E o fato que, para mim, ganhou o troféu de o mais absurdo de todos: por lei, ninguém pode ser preso dois dias antes nem dois dias depois das eleições, a não ser que seja pego em flagrante. A imprensa até noticiou, no dia 29 de outubro, o caso de um rapaz que atropelou várias pessoas e fugiu do local, se entregando à polícia justamente nesta data, quando não pôde ser preso. É por essa e por outras que nosso país tem essa fama de não ir para frente.

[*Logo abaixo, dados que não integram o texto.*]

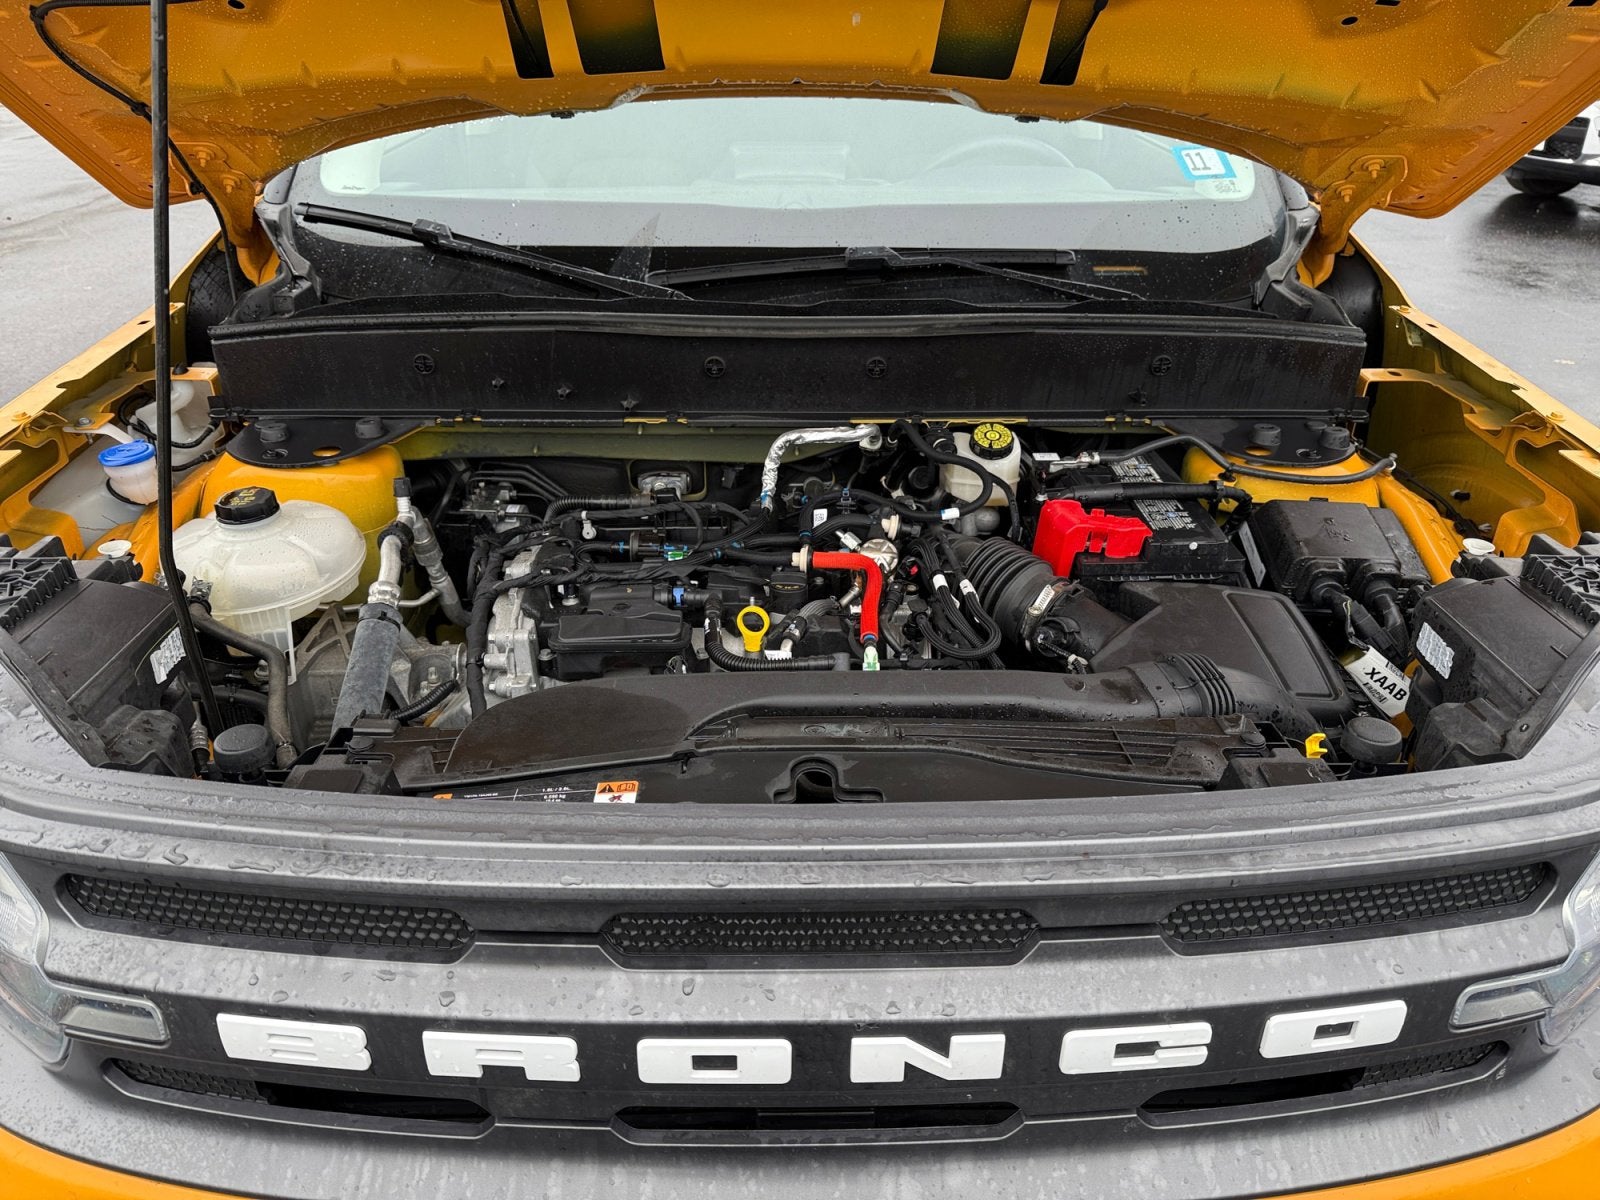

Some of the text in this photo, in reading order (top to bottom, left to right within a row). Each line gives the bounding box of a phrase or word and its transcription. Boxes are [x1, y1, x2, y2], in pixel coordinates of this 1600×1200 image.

É como eu disse no início: ainda bem que acabou... Opa, péra aí, algumas decisões ainda serão proibidas por mais algum tempo. Ninguém pôde ser admitido nem demitido de cargos públicos durante as eleições e essa regra ainda valerá por mais dois meses, dependendo do Estado. Isso também conta para concursos públicos, que não podem ser realizados, para licitações, que só podem ser feitas em casos de extrema necessidade e para as pessoas que trabalharam nas eleições e agora não podem ser contratadas.

Mas tudo isso faz parte da democracia do nosso país. Ninguém pode fugir desses acontecimentos que podem ser considerados de hilários a absurdos. O mais bacana, o melhor de tudo, o que me deixa mais feliz, é que logo, logo tudo isso estará aí de novo, para que a gente possa falar mal, reclamar, rir, chorar, e, principalmente, decidir o futuro de nossas vidas.